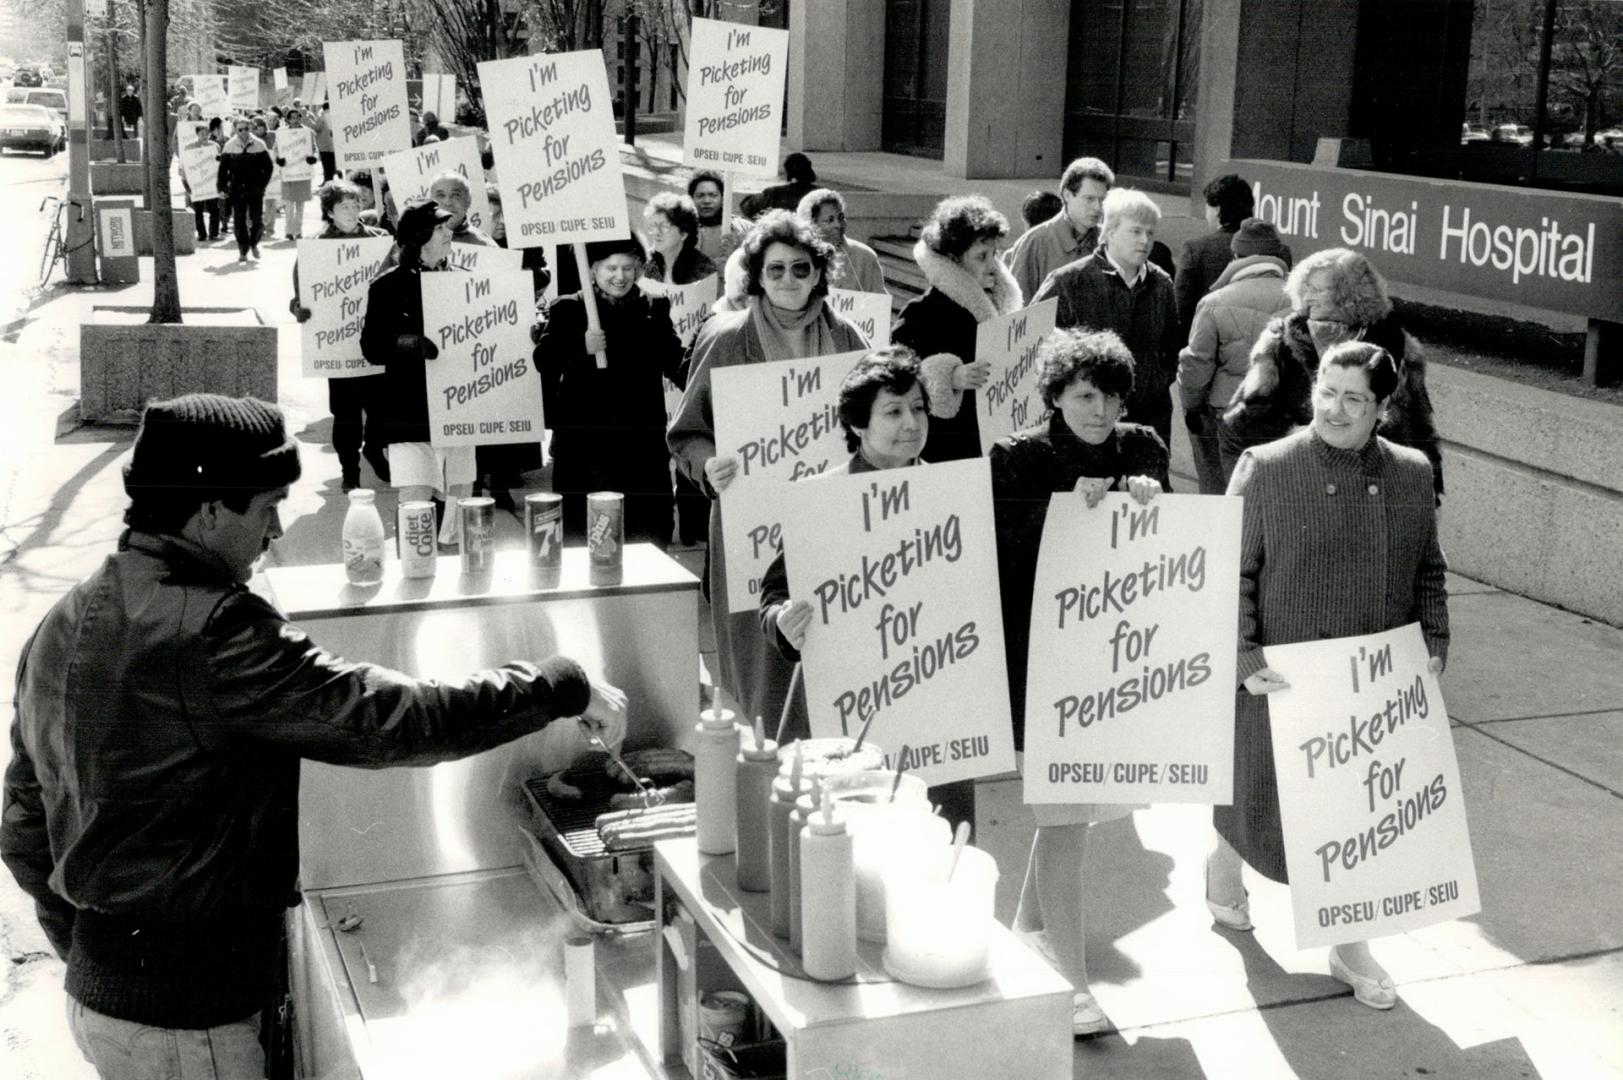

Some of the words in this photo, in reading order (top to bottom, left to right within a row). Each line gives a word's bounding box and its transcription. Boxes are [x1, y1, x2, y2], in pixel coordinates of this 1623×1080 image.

[354, 46, 373, 65] I'm
[727, 29, 751, 51] I'm
[337, 61, 393, 100] Picketing
[528, 62, 558, 92] I'm
[700, 53, 771, 86] Picketing
[360, 93, 379, 116] for
[504, 83, 592, 145] Picketing
[724, 85, 747, 110] for
[342, 105, 401, 143] Pensions
[698, 104, 771, 137] Pensions
[417, 149, 440, 175] I'm
[542, 134, 570, 167] for
[517, 149, 606, 208] Pensions
[337, 244, 360, 264] I'm
[1340, 192, 1418, 255] Sinai
[1440, 205, 1596, 284] Hospital
[340, 296, 363, 320] for
[464, 277, 490, 303] I'm
[315, 317, 365, 349] Pensi
[438, 299, 518, 350] Picketing
[1008, 315, 1027, 352] I'm
[471, 342, 497, 372] for
[442, 358, 528, 410] Pensions
[781, 366, 821, 407] I'm
[1011, 395, 1029, 432] for
[737, 402, 841, 476] Picketin
[862, 480, 910, 532] I'm
[1111, 503, 1160, 549] I'm
[405, 514, 420, 546] diet
[416, 512, 434, 557] Coke
[813, 513, 962, 625] Picketing
[1054, 545, 1206, 629] Picketing
[875, 601, 923, 660] for
[1108, 619, 1159, 674] for
[833, 621, 980, 736] Pensions
[1350, 643, 1393, 693] I'm
[1053, 652, 1212, 737] Pensions
[1299, 674, 1429, 778] Picketing
[1363, 757, 1406, 813] for
[1314, 773, 1447, 883] Pensions
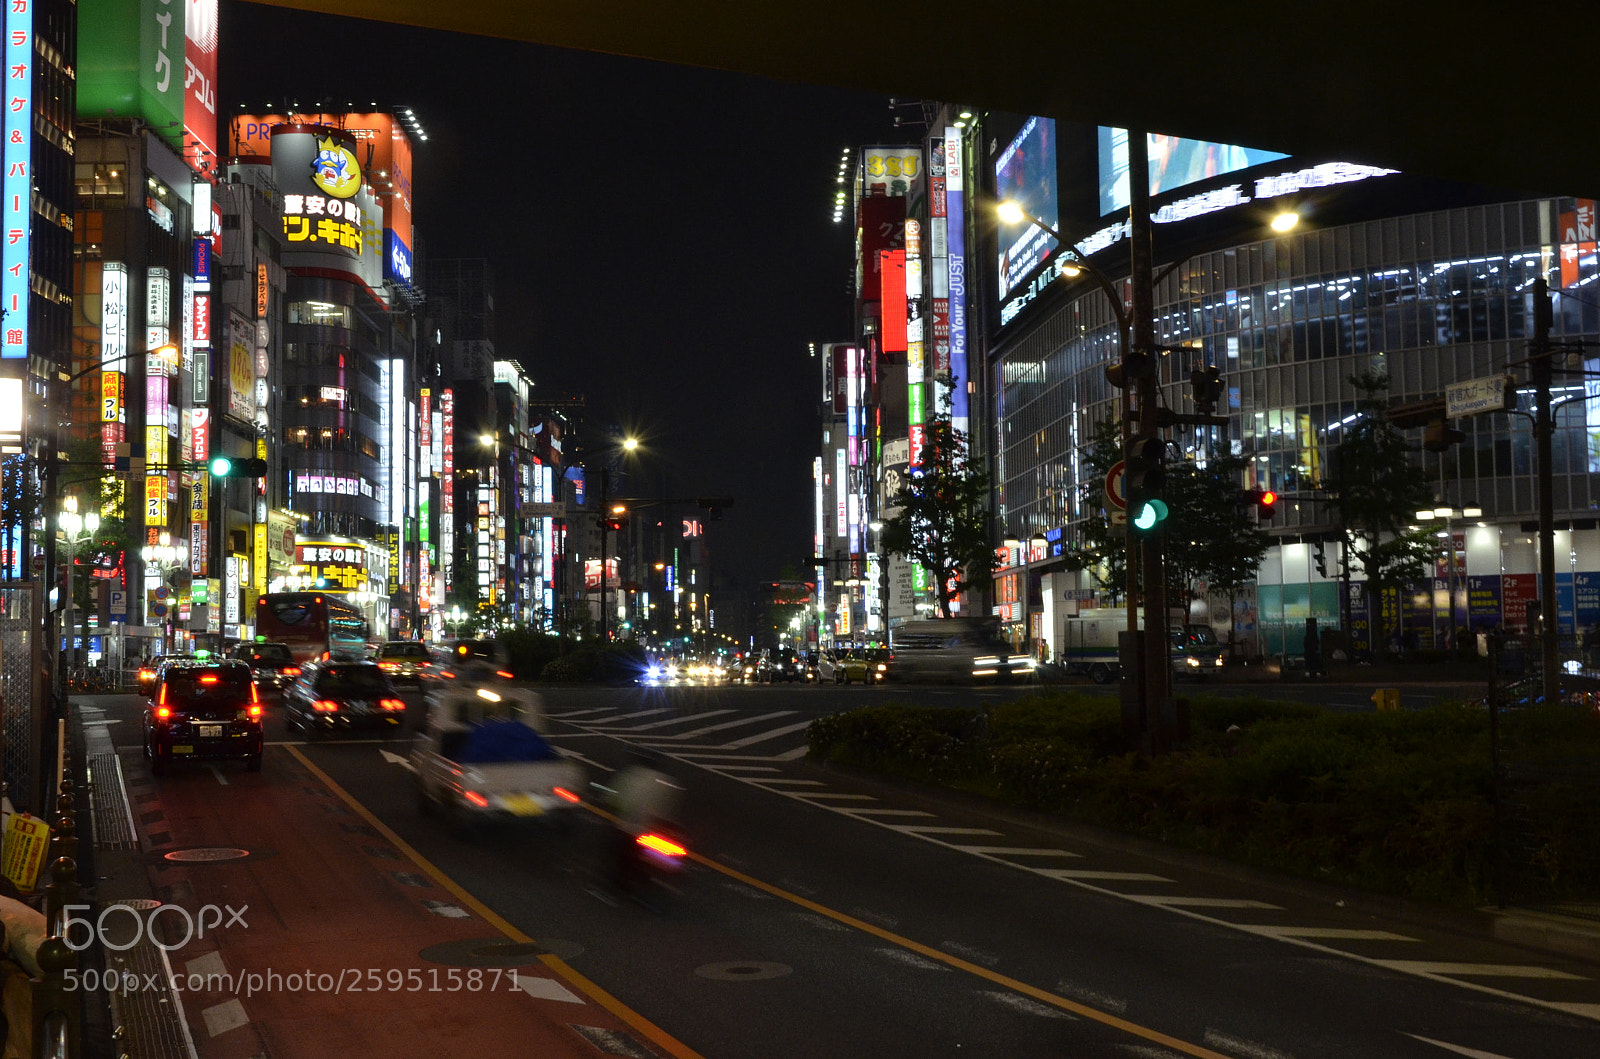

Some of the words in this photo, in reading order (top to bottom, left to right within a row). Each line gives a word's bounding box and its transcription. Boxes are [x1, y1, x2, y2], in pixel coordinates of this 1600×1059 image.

[155, 0, 172, 93] イク
[185, 57, 215, 115] アコム
[948, 141, 956, 165] LABI
[7, 0, 27, 345] カラオケ&パーティー館
[197, 243, 206, 274] PROMISE
[949, 253, 965, 296] JUST
[104, 280, 119, 356] 小松ビル
[195, 304, 207, 340] アイフル
[951, 333, 965, 354] For
[104, 373, 117, 420] 麻雀ブル
[444, 392, 453, 435] カラオケ
[194, 428, 205, 453] アコム
[147, 477, 160, 517] 麻雀ブル
[195, 512, 205, 520] 2F
[916, 564, 925, 588] レイク
[1435, 580, 1448, 590] B1
[1469, 579, 1482, 589] 1F
[1503, 578, 1518, 588] 2F
[1575, 576, 1589, 585] 4F
____________________
• [Activity]: Copy exactly, word for word, the line with "this 1600×1059 image." through the final line of the listing.

• [Final answer]:
Some of the words in this photo, in reading order (top to bottom, left to right within a row). Each line gives a word's bounding box and its transcription. Boxes are [x1, y1, x2, y2], in pixel coordinates of this 1600×1059 image.

[155, 0, 172, 93] イク
[185, 57, 215, 115] アコム
[948, 141, 956, 165] LABI
[7, 0, 27, 345] カラオケ&パーティー館
[197, 243, 206, 274] PROMISE
[949, 253, 965, 296] JUST
[104, 280, 119, 356] 小松ビル
[195, 304, 207, 340] アイフル
[951, 333, 965, 354] For
[104, 373, 117, 420] 麻雀ブル
[444, 392, 453, 435] カラオケ
[194, 428, 205, 453] アコム
[147, 477, 160, 517] 麻雀ブル
[195, 512, 205, 520] 2F
[916, 564, 925, 588] レイク
[1435, 580, 1448, 590] B1
[1469, 579, 1482, 589] 1F
[1503, 578, 1518, 588] 2F
[1575, 576, 1589, 585] 4F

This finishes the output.